NVIDIA Blackwell Ultra Dominates MLPerf AI Training, GB300 NVL72 Breaks Record with 10-Minute Llama 405B Training
NVIDIA continues to assert its dominance in the AI training sector with the unveiling of their Blackwell Ultra-based GB300 NVL72 platform. This cutting-edge technology has secured victories across all MLPerf training benchmarks, delivering unprecedented AI training performance.
NVIDIA’s Stellar Performance in MLPerf AI Training Benchmarks
Renowned for leading AI performance, NVIDIA’s data center GPUs have once again proven their prowess with the Blackwell-based GB300 NVL72 platform. This state-of-the-art system has achieved first place in every MLPerf training benchmark, underscoring its status as the premier option for demanding AI tasks. Reports suggest that NVIDIA is the sole participant to have submitted results for every test, further widening the performance gap with its competitors. The platform has amassed “hundreds” of MLPerf Training and Inference wins in 2025 alone, showcasing remarkable results such as:

- Llama 3.1 405B: 10 min
- Llama 2 70B LoRA: 0.4 min
- Llama 3.1 8B: 5.2 min
- FLUX.1: 12.5 min
- DLRM-dcnv2: 0.71 min
- R-GAT: 1.1 min
- RetinaNet: 1.4 min
The GB300 NVL72 platform, utilizing the same number of Blackwell Ultra GPUs, has demonstrated over 4X the performance compared to the H100 and nearly 2X versus the Blackwell GB200 during Llama 3.1 40B pretraining. Additionally, in the Llama 2 70B Fine-Tuning, 8 GB300 GPUs delivered an astonishing 5X higher performance compared to the H100.

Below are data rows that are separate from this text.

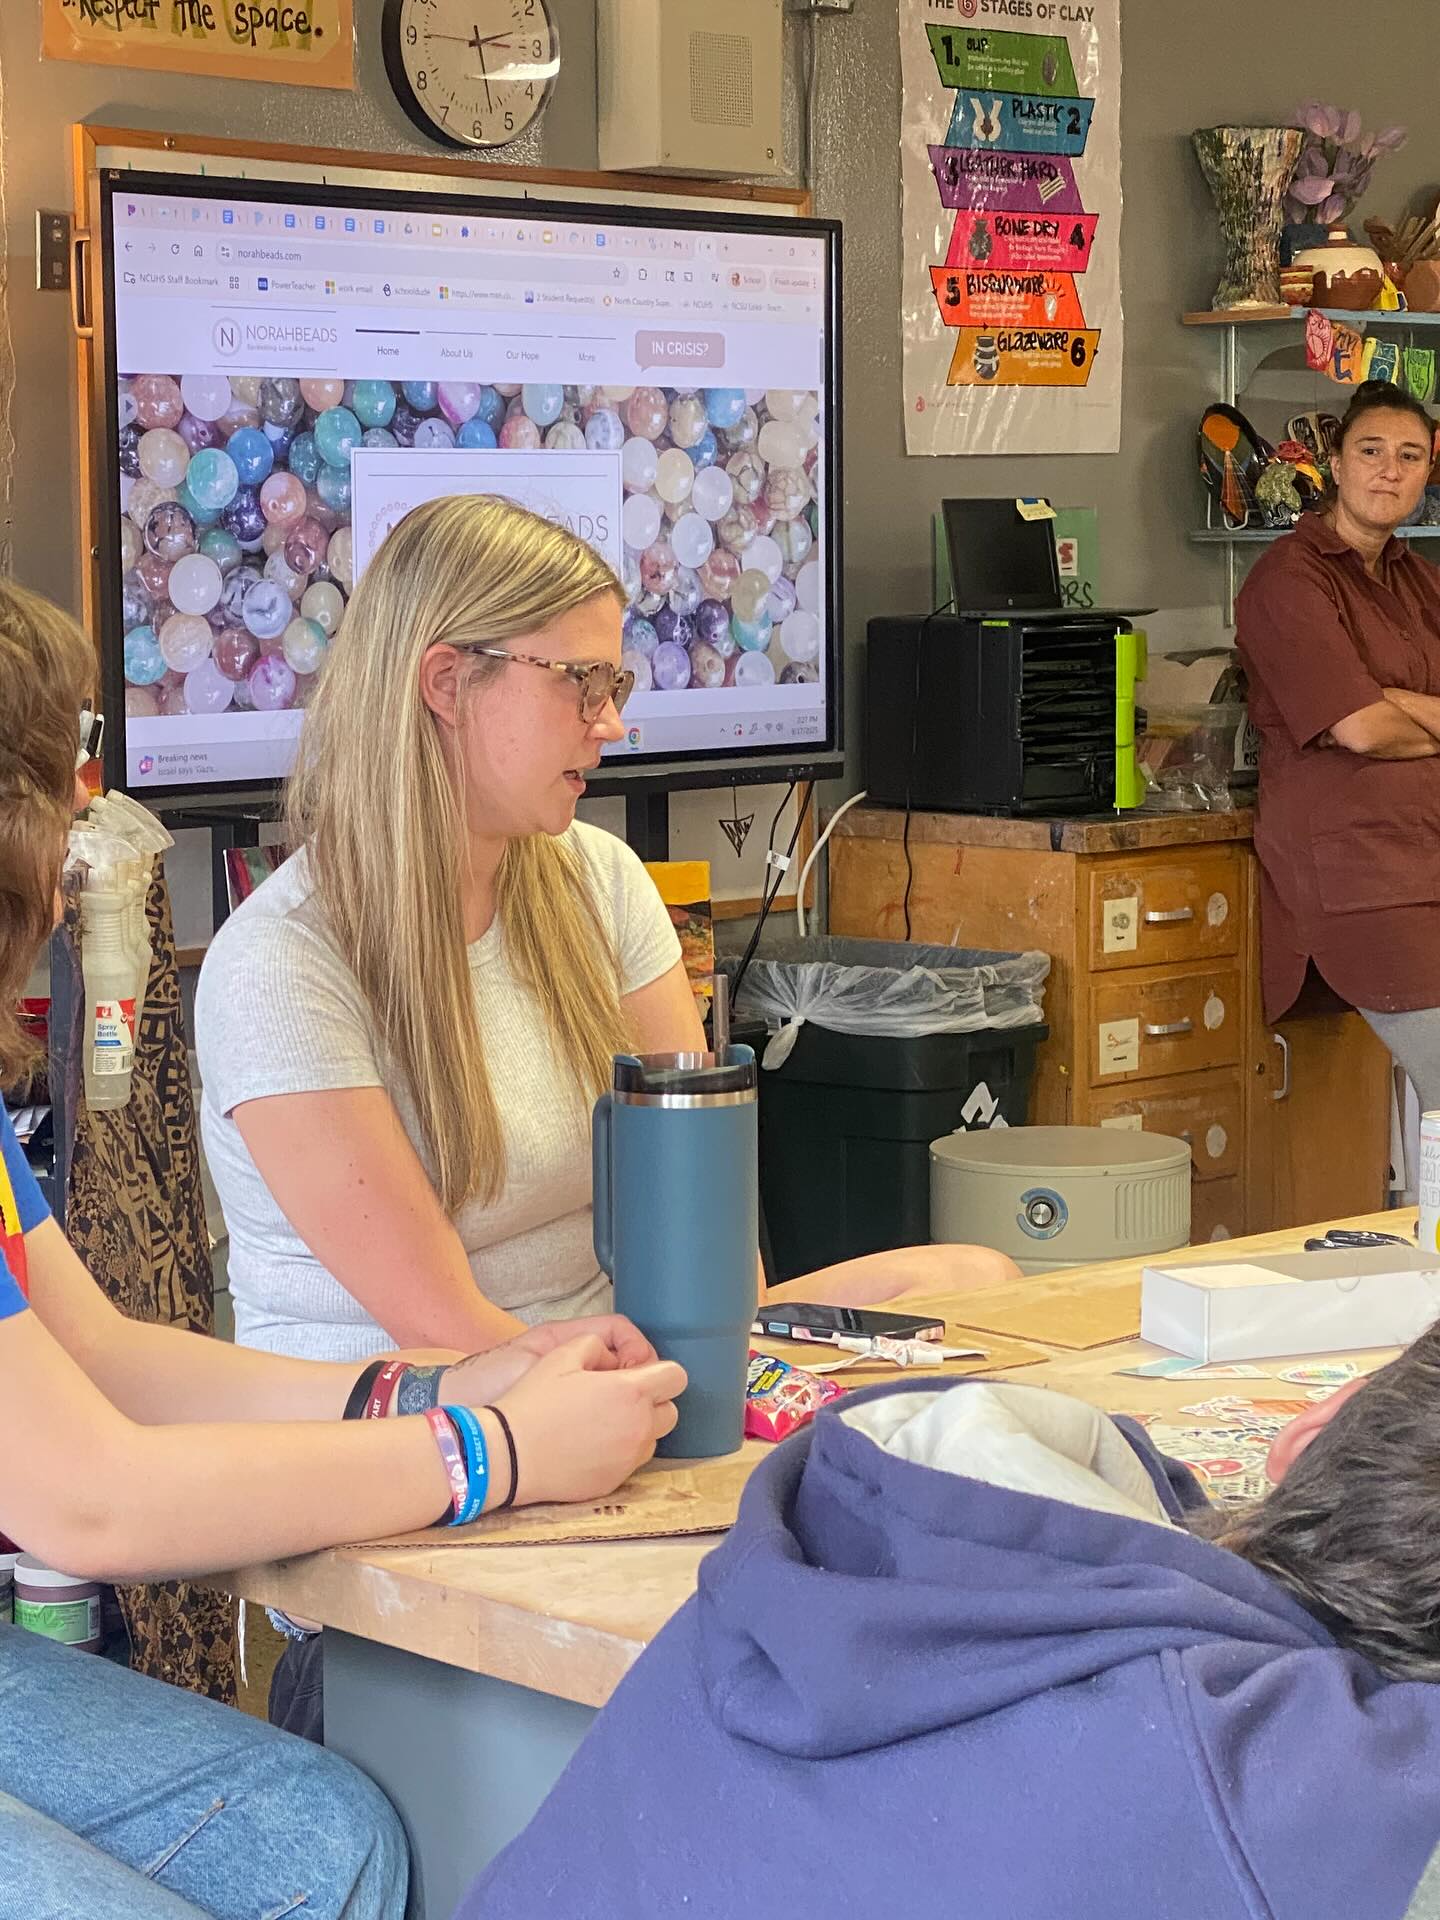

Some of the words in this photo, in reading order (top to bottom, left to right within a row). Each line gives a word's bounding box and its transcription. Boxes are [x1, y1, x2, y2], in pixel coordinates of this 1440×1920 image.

[928, 0, 955, 9] THE
[981, 0, 1033, 18] STAGES
[1036, 3, 1056, 20] OF
[1060, 5, 1096, 22] CLAY
[235, 2, 323, 47] space.
[406, 25, 417, 45] 9
[532, 40, 543, 58] 3
[417, 70, 427, 91] 8
[525, 83, 534, 100] 4
[439, 106, 449, 125] 7
[504, 112, 514, 131] 5
[1067, 106, 1081, 135] 2
[472, 120, 482, 139] 6
[995, 216, 1031, 236] BONE
[1033, 219, 1060, 239] DRY
[238, 247, 302, 261] norahbeads.com
[185, 275, 218, 286] Bookmark
[271, 280, 317, 291] PowerTeacher
[945, 276, 960, 307] 5
[220, 326, 235, 348] N
[246, 325, 339, 343] NORAHBEADS
[377, 346, 400, 357] Home
[440, 348, 461, 358] About
[463, 349, 473, 358] Us
[506, 351, 519, 360] Our
[521, 351, 539, 361] Hope
[578, 352, 596, 362] More
[651, 342, 664, 355] IN
[668, 342, 710, 357] CRISIS?
[1070, 337, 1086, 368] 6
[158, 754, 188, 764] Breaking
[97, 1023, 117, 1031] Spray

Revolutionary Memory and Precision Advancements
NVIDIA’s edge is further enhanced by its unparalleled CUDA ecosystem. The CUDA software stack is a key factor, but the rack system’s architecture and the Quantum-X800 InfiniBand at 800 GB/s networking speed are also unrivaled. The GB300 NVL72 is equipped with 279 GB HBM3e memory per GPU and a combined GPU and CPU memory total of 40 TB. This immense memory configuration is pivotal in accelerating AI workloads, with FP4 precision employed for superior training efficiency.

Employing FP4 precision in LLM training accelerates calculations, doubling the speed compared to FP8. The Blackwell Ultra elevates this advantage to 3X, enabling NVIDIA to deliver extraordinary performance without increasing the GPU count. The new results, achieved with 5,120 Blackwell GPUs, took merely 10 minutes to train the Llama 3.1 405B parameter, showcasing a significant improvement over the June submission.